Re: [DISCUSS] CEP 53: Cassandra Rolling Restarts via Sidecar

Venkata Harikrishna Nukala Wed, 10 Sep 2025 12:06:53 -0700

> A small question from my side: I see that the underlying assumption is
> that
>
> > Sidecar is able to query Cassandra instances before bouncing/recognizing
>
> > the bounce. What if it could not communicate with the Cassandra instance
>
> > (e.g., binary protocol disabled, C* process experiencing issues, or C*
>
> > process starting as part of a new DC)?
>
> This would fall under scenario #2 in the Error Handling
> <https://cwiki.apache.org/confluence/display/CASSANDRA/CEP-53%3A+Cassandra+Rolling+Restarts+via+Sidecar#CEP53:CassandraRollingRestartsviaSidecar-ErrorHandling>
>  section
> of the CEP. If a Sidecar instance can’t communicate with Cassandra, after a
> configurable timeout and amount of retries, the Sidecar instance should
> mark the job as failed.
>


Returning an error is indeed appropriate for communication failures, but
this means operators would need to find alternative ways to bounce nodes
and couldn't rely on these APIs consistently.

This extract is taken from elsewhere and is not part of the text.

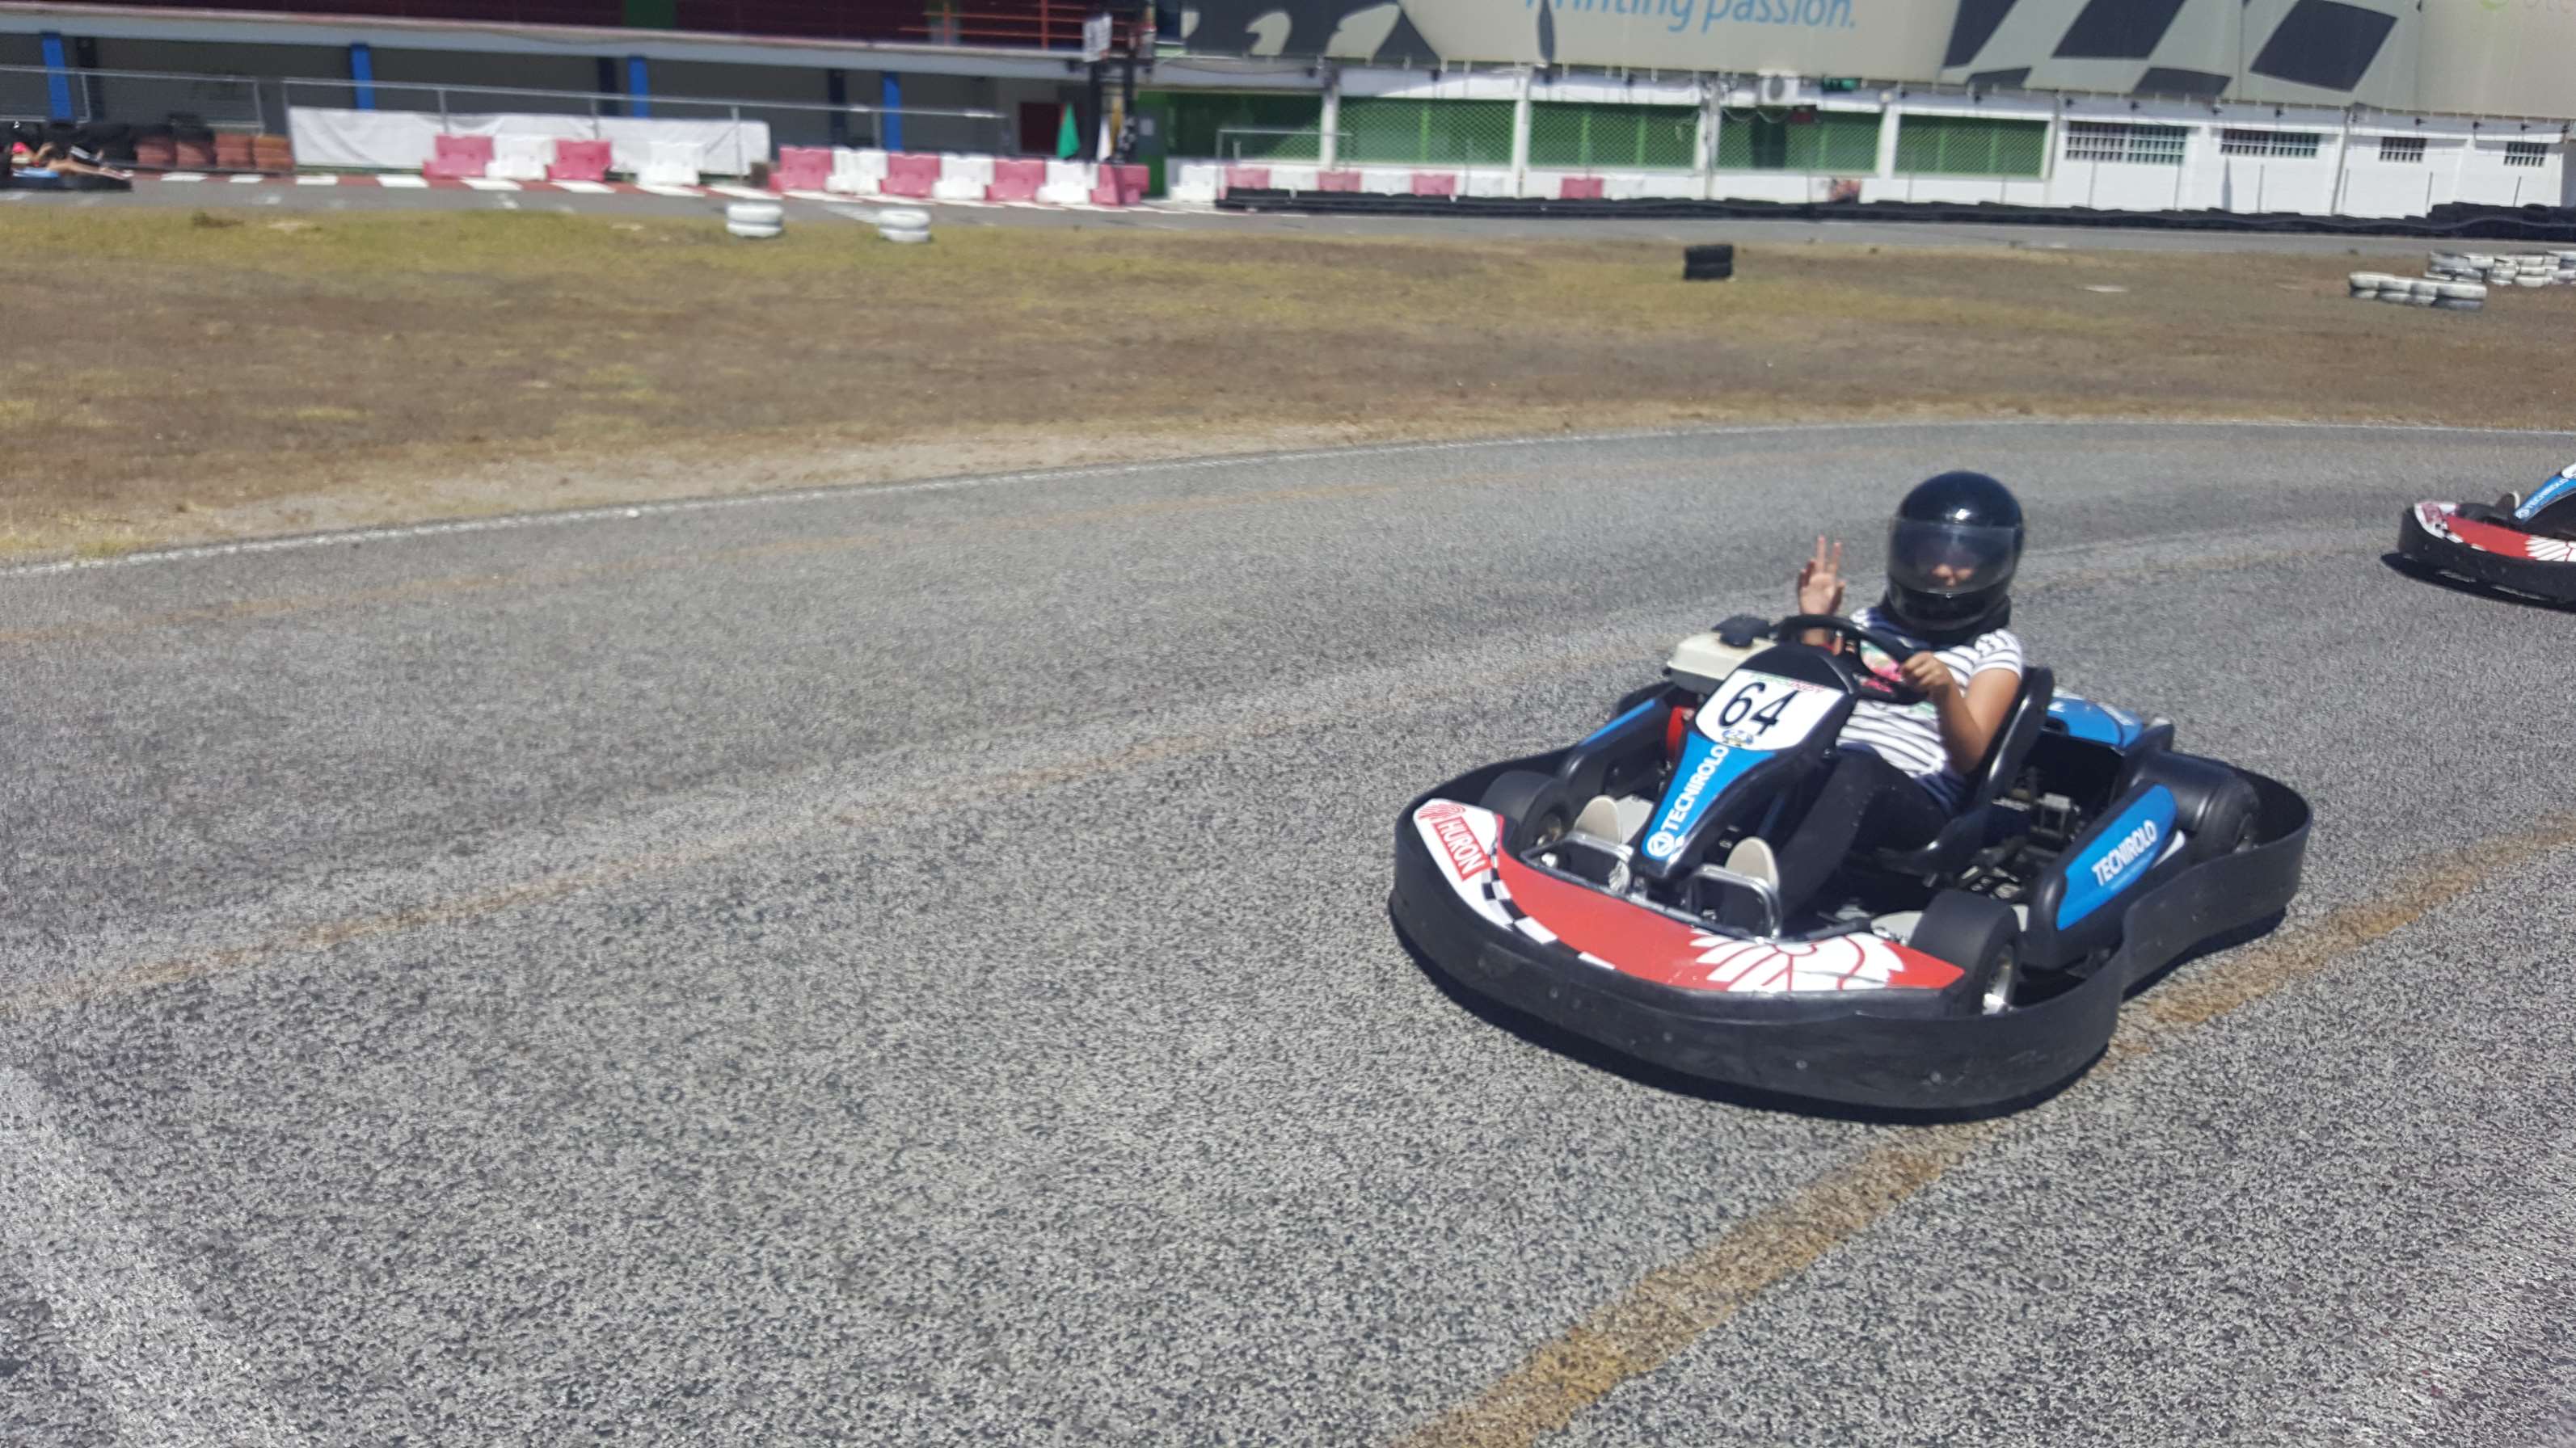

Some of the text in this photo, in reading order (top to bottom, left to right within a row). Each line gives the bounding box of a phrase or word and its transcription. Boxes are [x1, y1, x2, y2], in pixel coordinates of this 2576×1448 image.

A hard dependency on
Cassandra instances would also create challenges for startup scenarios
where operators need to start C* instances for the first time—such as brand
new cluster creation, replacing an existing node, or starting nodes in a
new datacenter.

If the responsibility of updating Cassandra tables is delegated to a plugin
or default implementation for communicating bounces, it would allow others
to implement their own solutions more freely (potentially bypassing C*
table updates for bounce communication). I understand that this CEP focuses
on restart operations (stop + start), but I believe an interface and plugin
pattern could address a broader range of operational challenges.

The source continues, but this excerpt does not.